◆ ACTION ITEM ◆
Return the line containing "this 1200×1600 image." and every line after it through the end of the entries below, with no other lines.

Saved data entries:
******************************

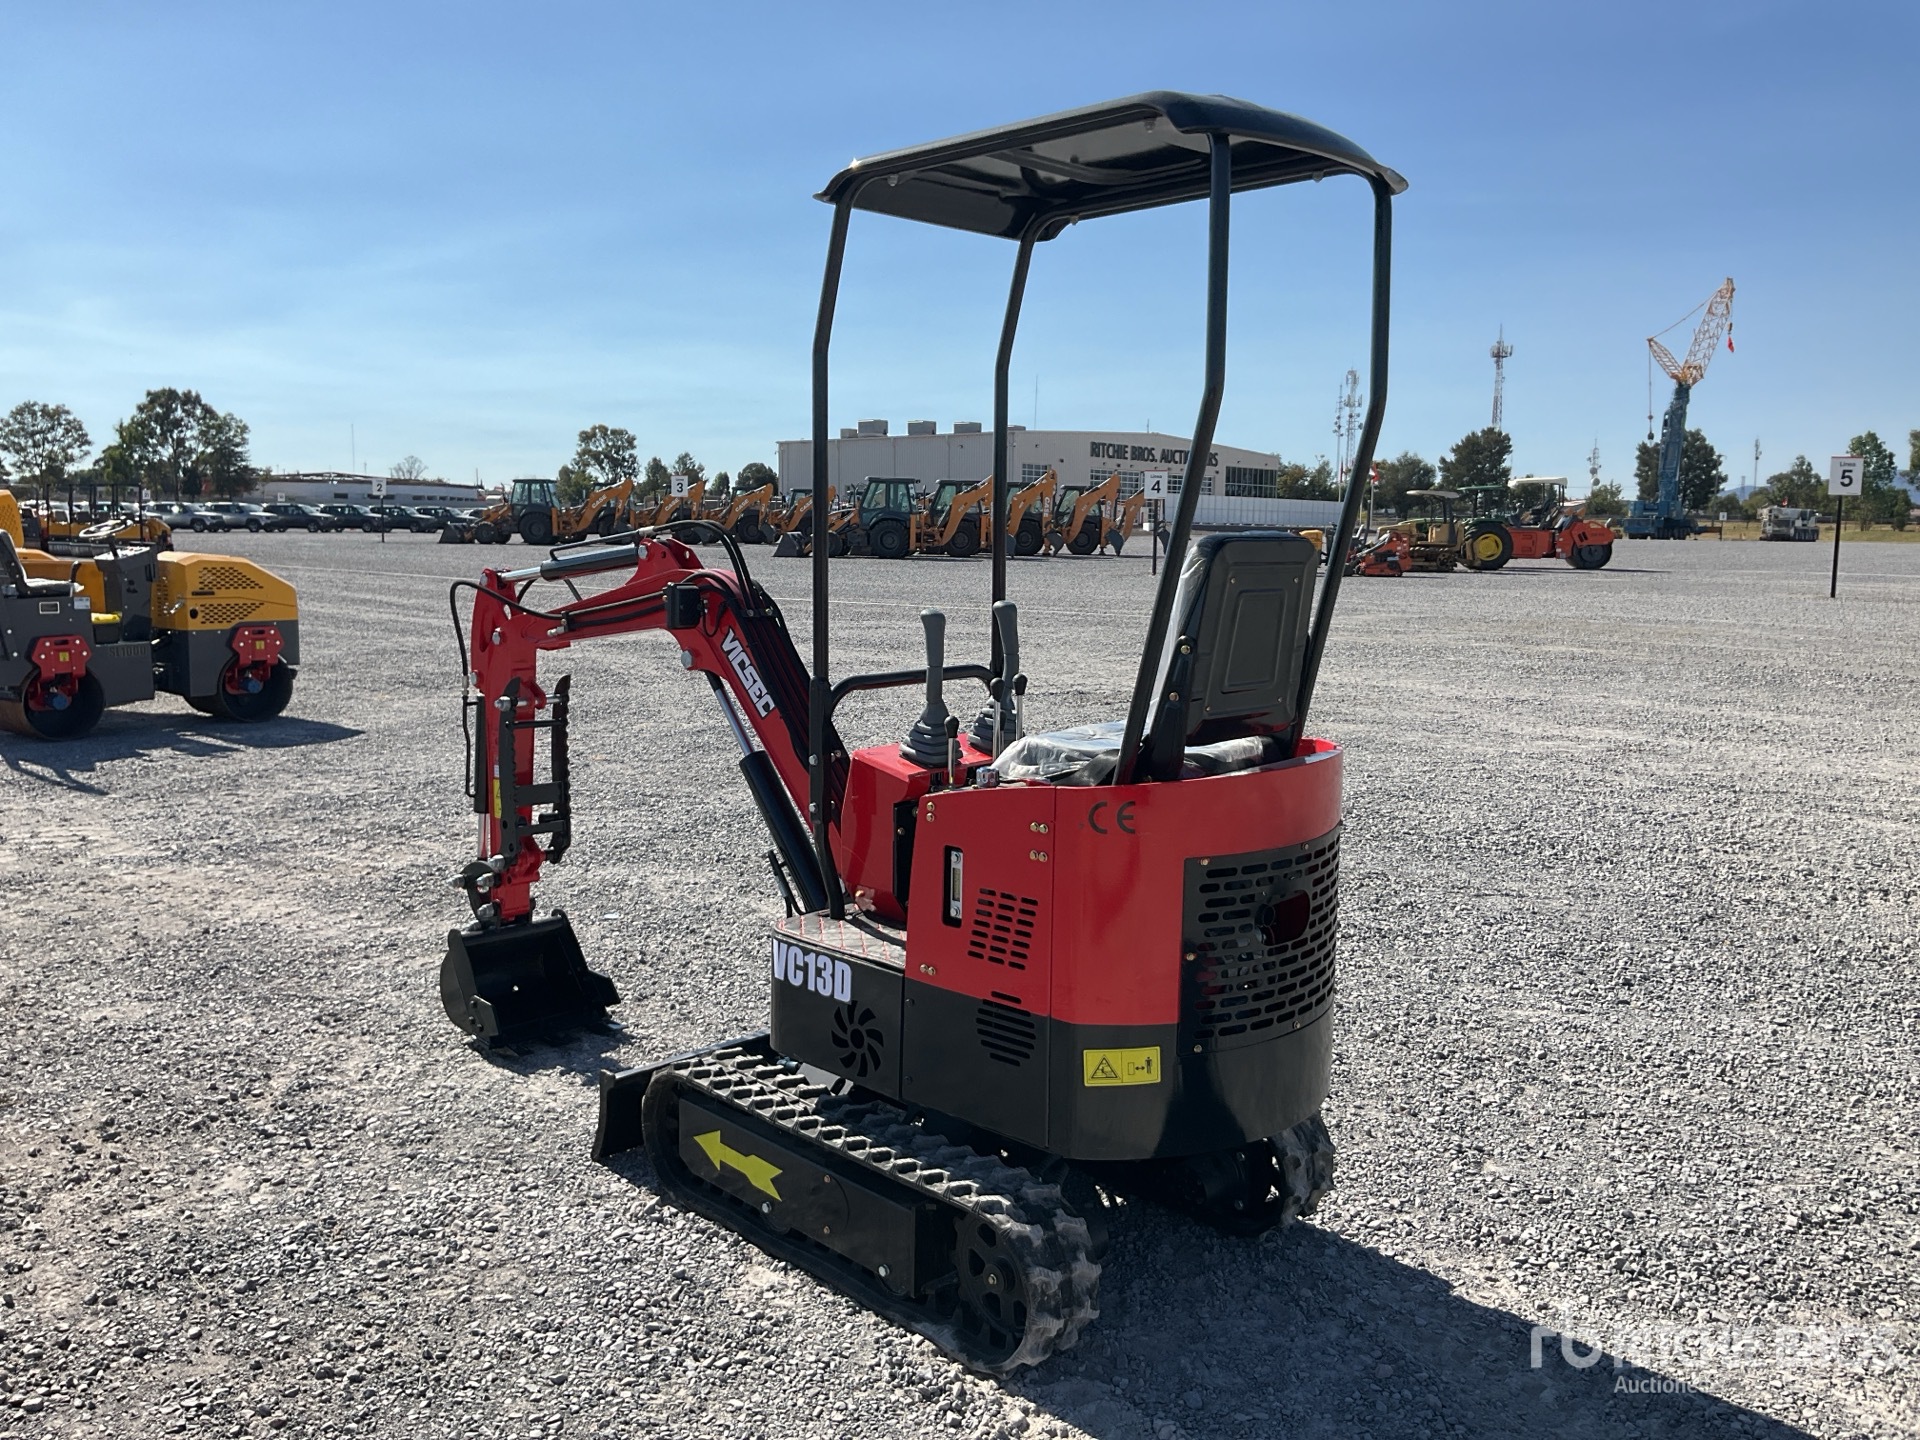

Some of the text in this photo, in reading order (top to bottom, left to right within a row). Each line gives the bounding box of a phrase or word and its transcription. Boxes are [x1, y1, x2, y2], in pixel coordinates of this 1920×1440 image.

[1090, 441, 1219, 468] RITCHIE BROS. AUCTIRS
[376, 483, 383, 492] 2
[676, 482, 684, 493] 3
[1151, 480, 1161, 493] 4
[1840, 469, 1853, 487] 5
[721, 627, 776, 718] VICSEC
[1088, 800, 1136, 834] CE
[772, 938, 852, 1003] VC13D
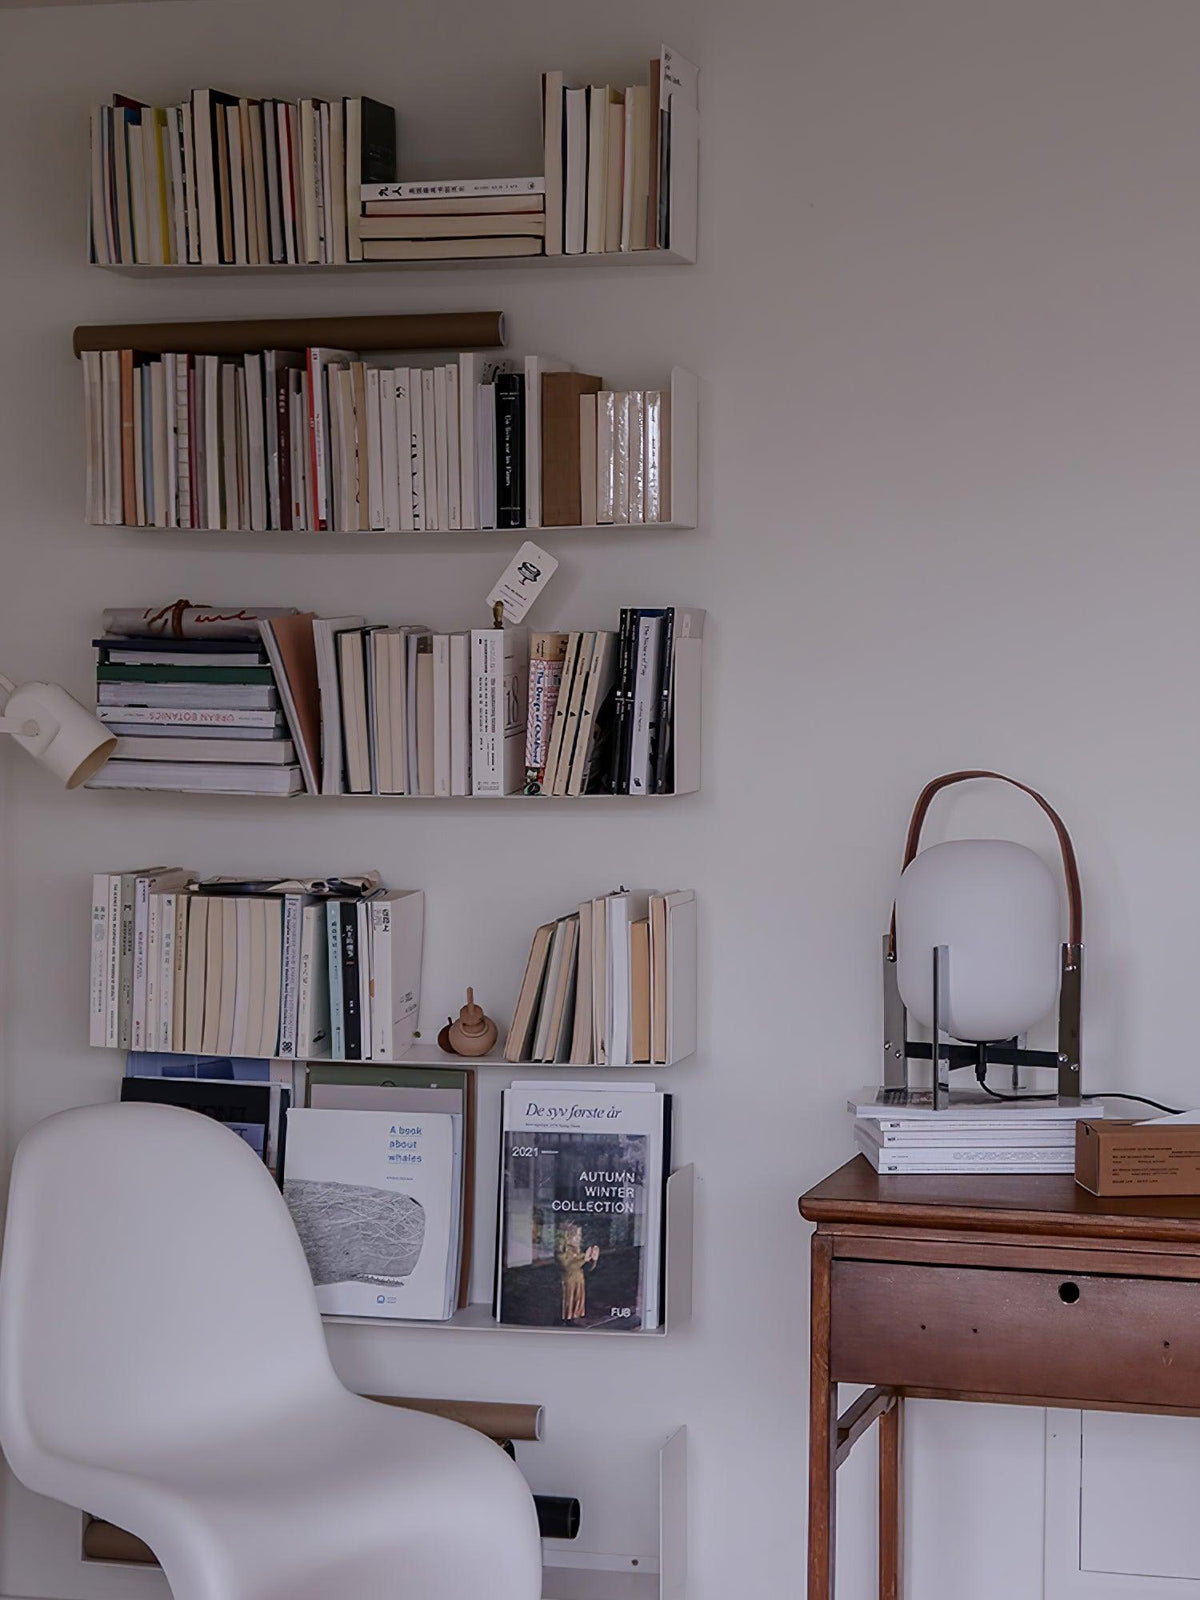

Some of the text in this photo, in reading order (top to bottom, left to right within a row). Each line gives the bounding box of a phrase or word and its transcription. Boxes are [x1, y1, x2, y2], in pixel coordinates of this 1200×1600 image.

[533, 686, 543, 712] Design
[149, 711, 197, 721] BOTANICS
[200, 712, 235, 722] URBAN
[526, 1102, 622, 1121] De syv første år
[389, 1125, 422, 1135] A book
[389, 1139, 417, 1149] about
[388, 1153, 422, 1163] whales
[579, 1171, 636, 1183] AUTUMN
[584, 1185, 635, 1198] WINTER
[551, 1199, 634, 1213] COLLECTION

******************************

◆ EXERCISE SOLUTION ◆
Some of the text in this photo, in reading order (top to bottom, left to right within a row). Each line gives the bounding box of a phrase or word and its transcription. Boxes are [x1, y1, x2, y2], in pixel coordinates of this 1200×1600 image.

[533, 686, 543, 712] Design
[149, 711, 197, 721] BOTANICS
[200, 712, 235, 722] URBAN
[526, 1102, 622, 1121] De syv første år
[389, 1125, 422, 1135] A book
[389, 1139, 417, 1149] about
[388, 1153, 422, 1163] whales
[579, 1171, 636, 1183] AUTUMN
[584, 1185, 635, 1198] WINTER
[551, 1199, 634, 1213] COLLECTION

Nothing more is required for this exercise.